Навстречу ветру — страница 18 из 40

Четвертый спектакль, в котором я имела счастье работать с Р.А., это «История одной любви», автор А. С. Тоболяк. Роль была небольшая, но интересная: этакая заскорузлая редакторша в маленьком сибирском городке, которая боялась нарушить свой спокойный, рутинный образ жизни. И появление новых, молодых, энергичных людей вызывало у нее неприятие и даже негодование. А изрекала она истины, как говорила Р.А. на репетициях, с видом императрицы Екатерины, безапелляционно. И прически мы нашли, и костюм — все это дополняло характер.

Я работала с Розой Абрамовной над четырьмя спектаклями. Это были четыре совершенно различных образа. После этих ролей я могла решиться на самые сложные характерные роли, которые впоследствии и состоялись.

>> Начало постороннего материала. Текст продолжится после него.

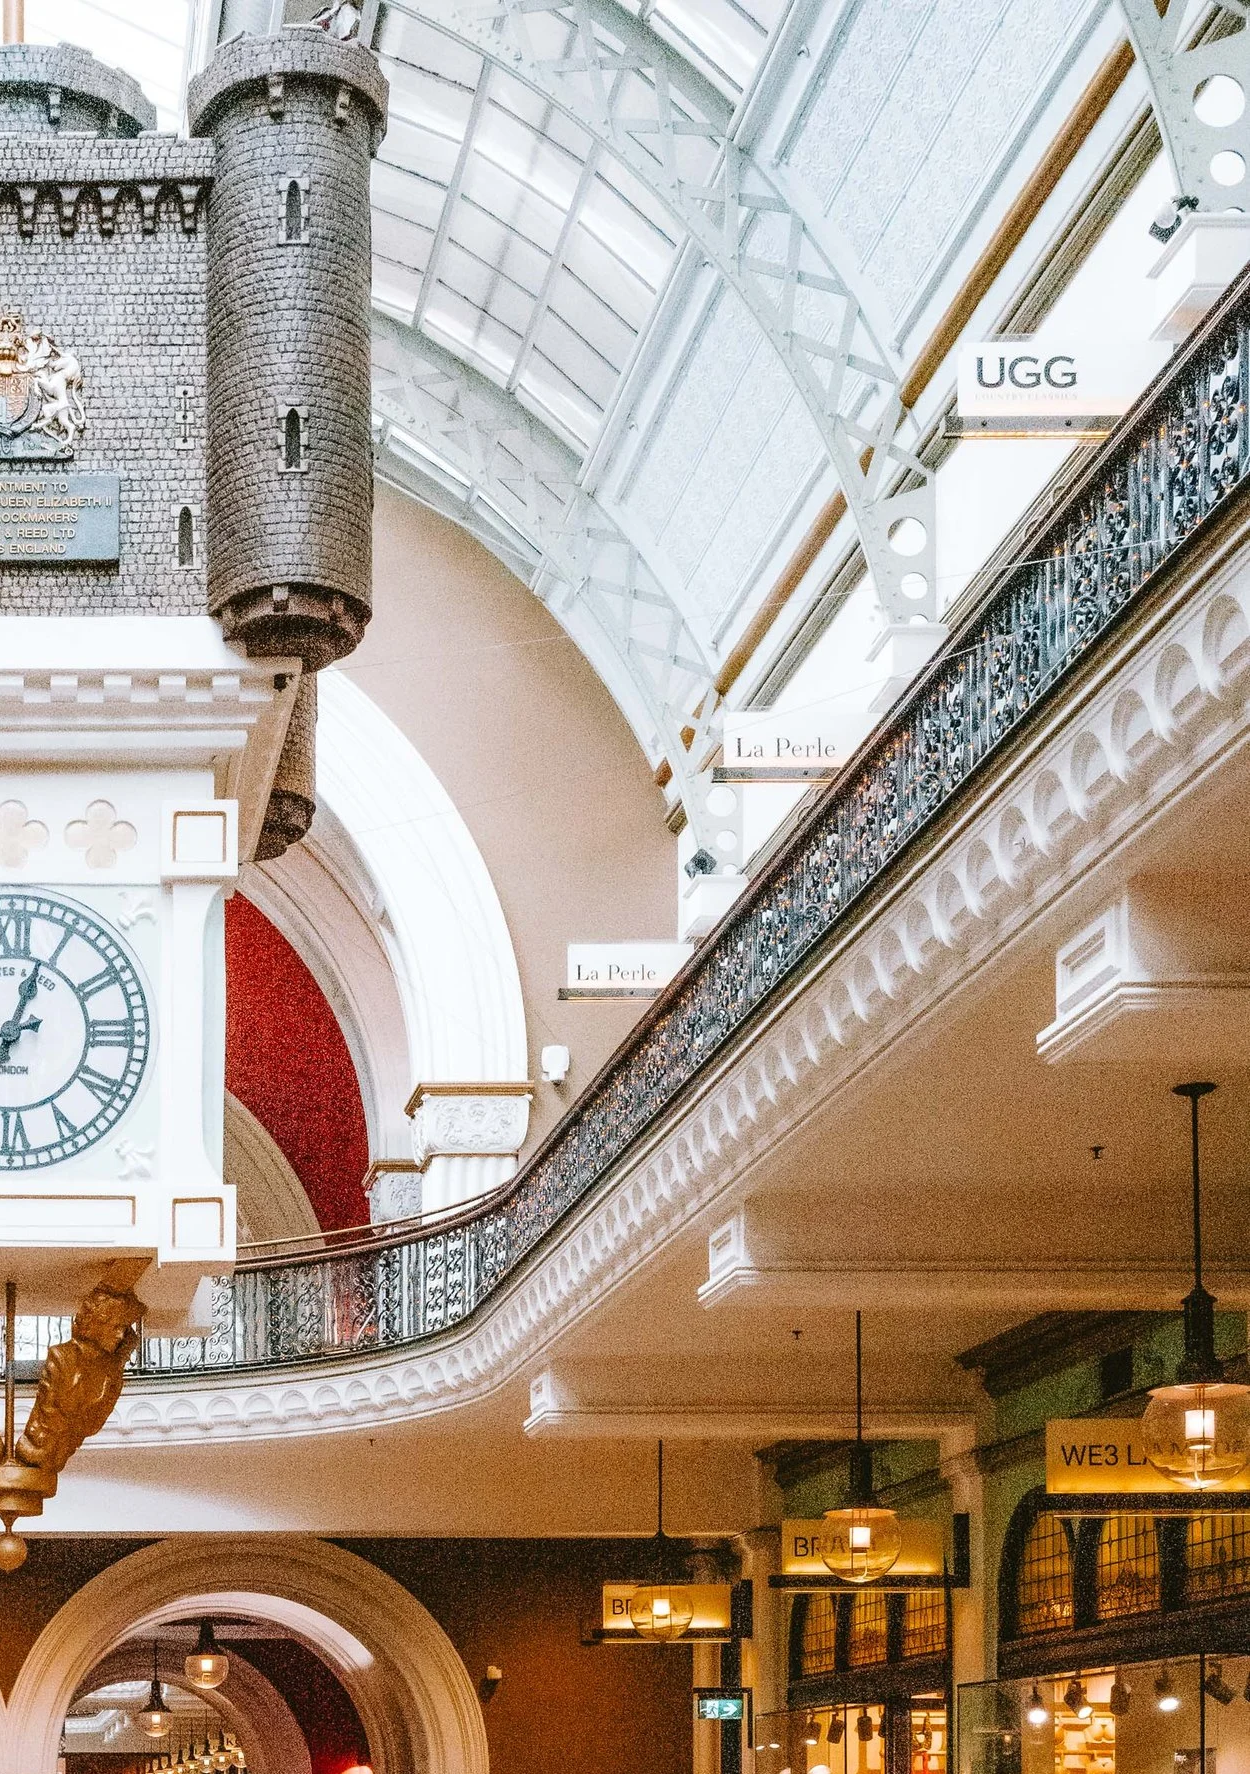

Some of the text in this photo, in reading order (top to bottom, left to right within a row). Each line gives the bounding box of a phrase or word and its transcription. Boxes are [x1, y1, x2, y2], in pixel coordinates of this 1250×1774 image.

[976, 356, 1078, 388] UGG
[52, 482, 69, 493] TO
[36, 496, 101, 508] ELIZABETH
[105, 496, 112, 507] II
[4, 528, 12, 539] &
[17, 528, 49, 539] REED
[52, 528, 76, 539] LTD
[9, 543, 66, 555] ENGLAND
[736, 736, 836, 758] La Perle
[20, 968, 27, 977] &
[36, 974, 56, 991] EED
[576, 964, 656, 981] La Perle
[1061, 1444, 1119, 1466] WE3

Мне посчастливилось в театре встретиться с прекрасными авторами: А. Н. Островским, Б. Брехтом, Э. Ростаном, Ж. Ануем, В. Розовым, Э. Лабишем, В. Арбузовым и многими-многими другими.

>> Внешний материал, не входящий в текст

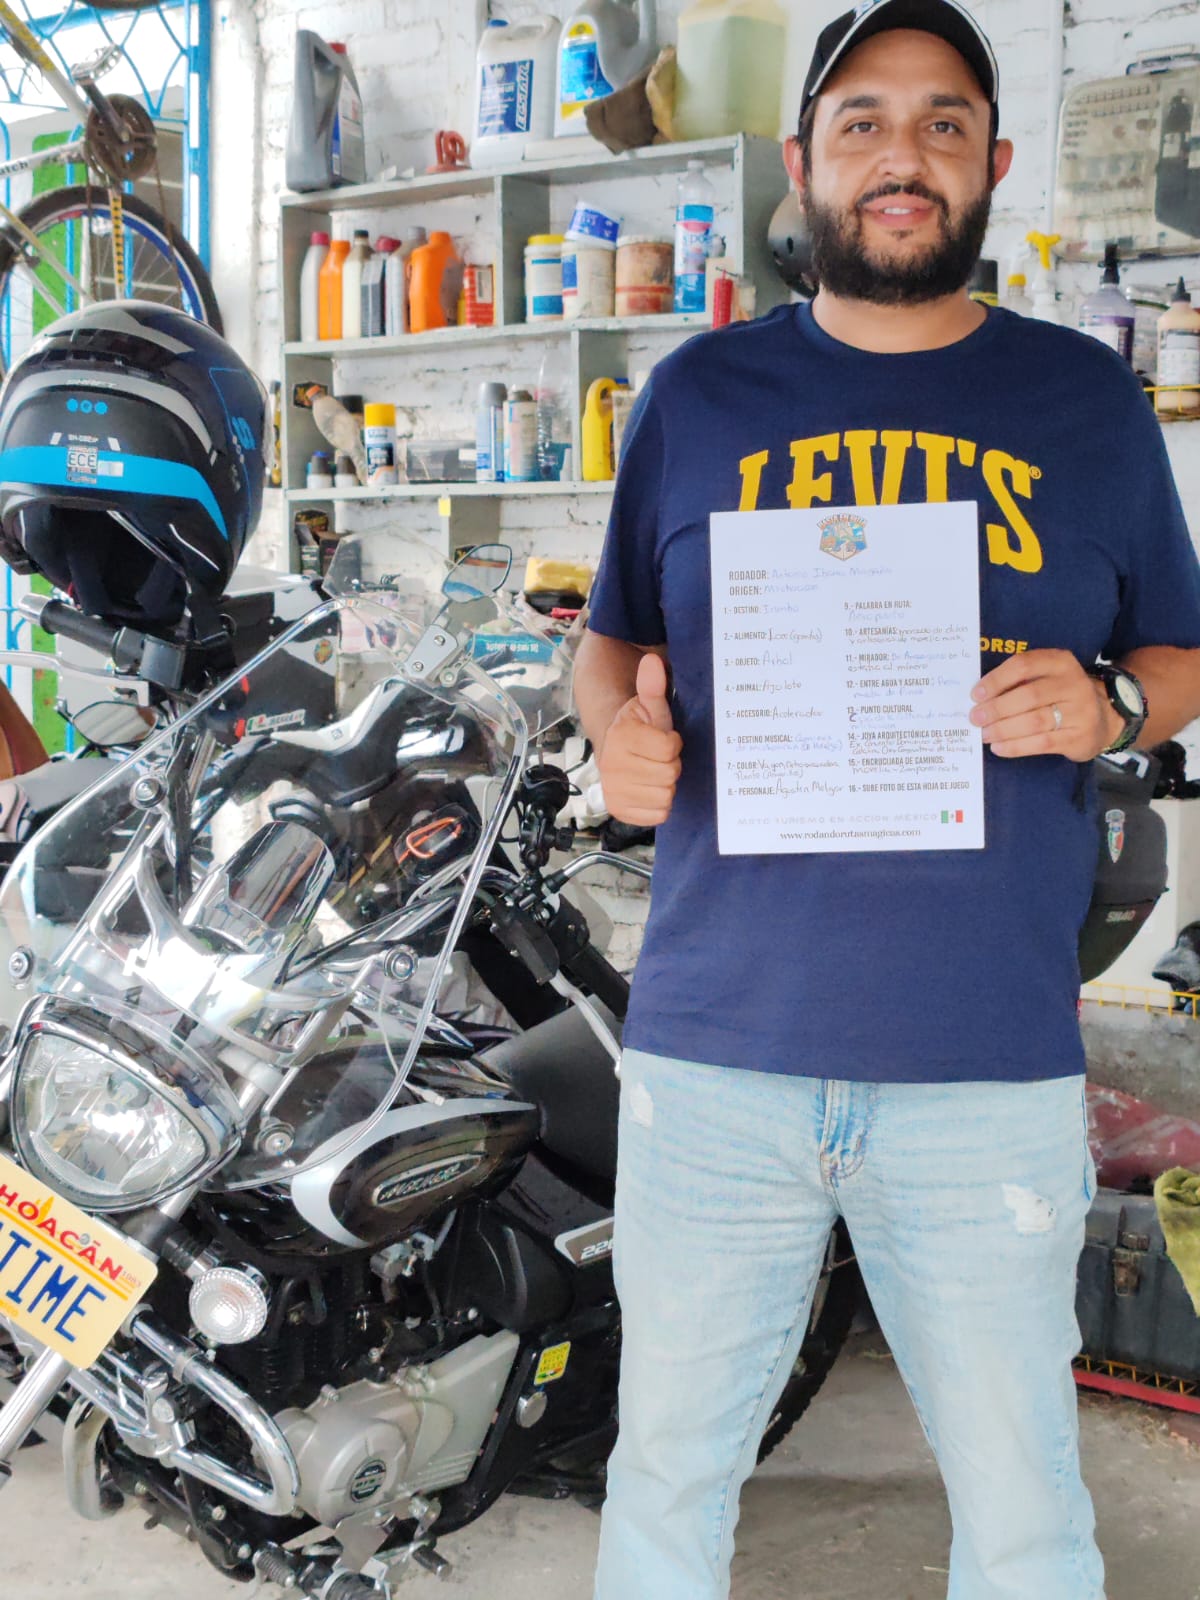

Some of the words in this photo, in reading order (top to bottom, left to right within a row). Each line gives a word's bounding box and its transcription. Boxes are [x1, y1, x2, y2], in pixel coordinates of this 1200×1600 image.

[69, 452, 97, 468] ECE
[729, 569, 769, 581] RODADOR:
[729, 585, 763, 597] ORIGEN:
[856, 600, 883, 610] PALABRA
[885, 600, 894, 609] EN
[734, 631, 767, 641] ALIMENTO:
[735, 656, 761, 667] OBJETO:
[859, 652, 891, 662] MIRADOR:
[736, 682, 762, 692] ANIMAL:
[859, 679, 880, 688] ENTRE
[881, 679, 898, 687] AGUA
[904, 677, 930, 686] ASFALTO
[736, 708, 772, 718] ACCESORIO:
[860, 704, 881, 714] PUNTO
[883, 703, 914, 713] CULTURAL
[737, 735, 763, 744] DESTINO
[765, 733, 793, 743] MUSICAL:
[862, 731, 877, 740] JOYA
[931, 729, 943, 738] DEL
[862, 756, 904, 766] ENCRUCIJADA
[905, 756, 914, 765] DE
[738, 785, 776, 797] PERSONAJE:
[862, 783, 879, 793] SUBE
[880, 783, 896, 792] FOTO
[897, 782, 905, 791] DE
[906, 782, 922, 791] ESTA
[923, 781, 940, 790] HOJA
[941, 780, 951, 790] DE
[952, 779, 971, 789] JUEGO
[0, 1222, 107, 1343] TIME
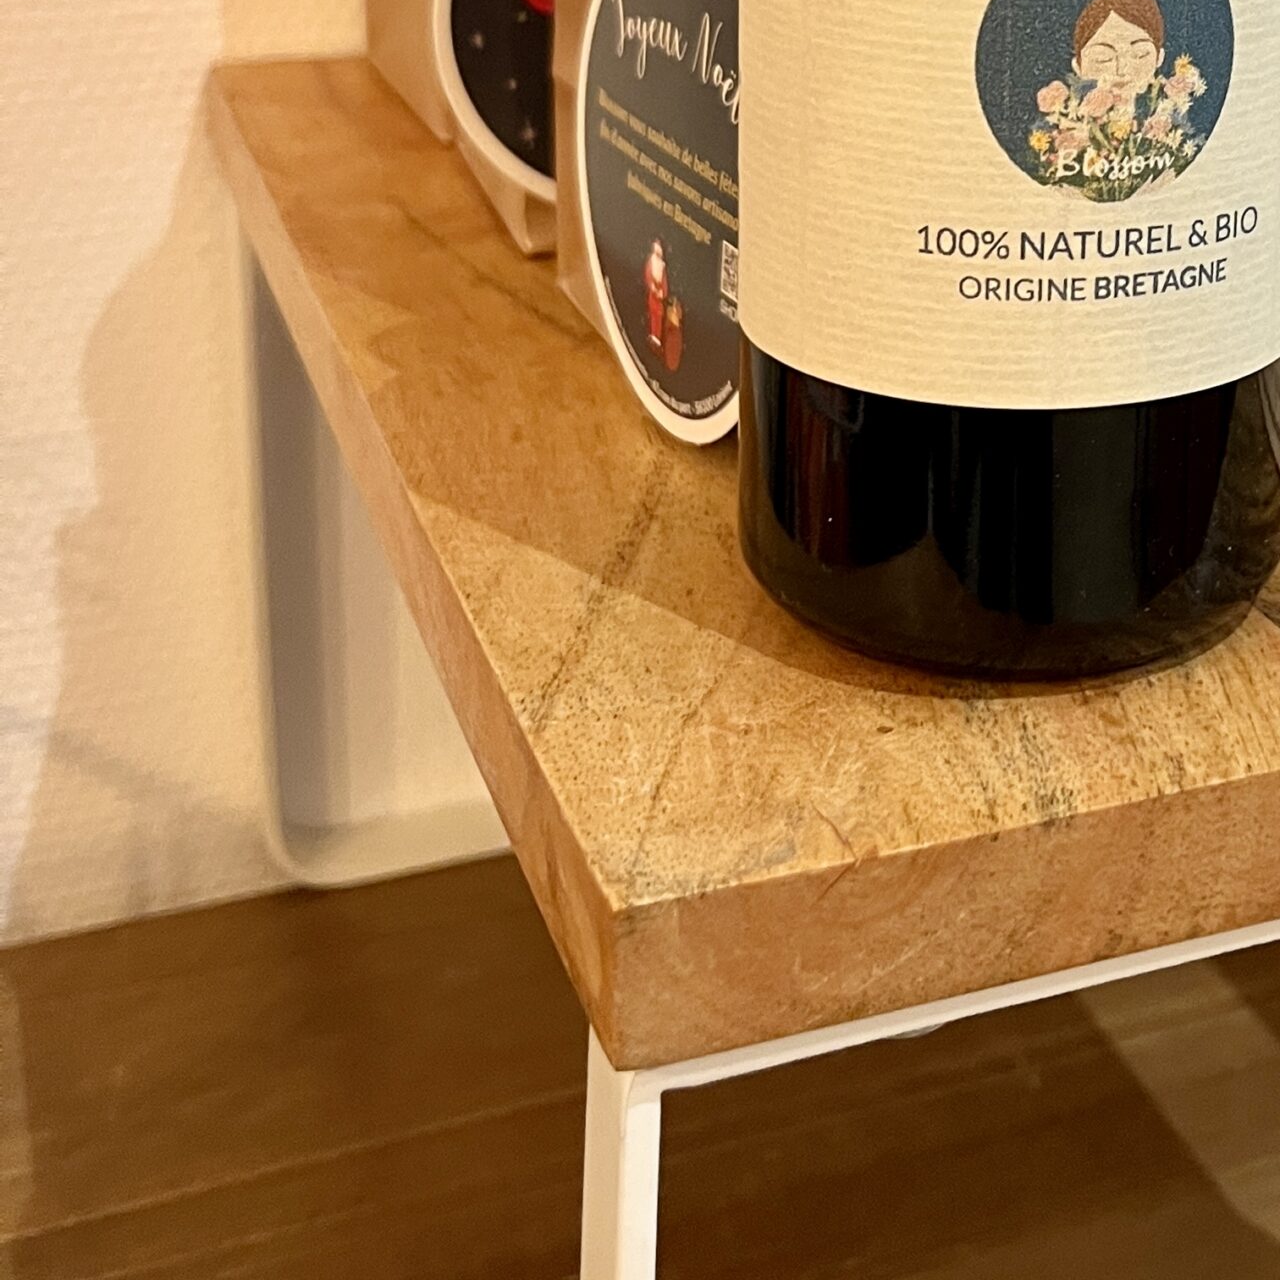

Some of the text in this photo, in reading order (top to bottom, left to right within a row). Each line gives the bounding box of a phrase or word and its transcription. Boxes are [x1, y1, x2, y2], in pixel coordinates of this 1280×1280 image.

Но настал момент, и в театр пришел главным режиссером человек, который решил, что все, что было до него, — это не то, а вот он создаст новый интересный театр. Задача, казалось бы, благородная, но, увы, полетели щепки. Все посыпалось, труппа распалась, а новую создать он не смог, и я решила уйти, уйти из дома, которому отдала лучшие годы, лучшие помыслы и мечты. Я прекрасно понимала, что у этого режиссера я ничего больше не сыграю, моя актерская жизнь кончится, а сидеть без дела, без своего любимого дела, я не могу. Меня отпустили очень спокойно.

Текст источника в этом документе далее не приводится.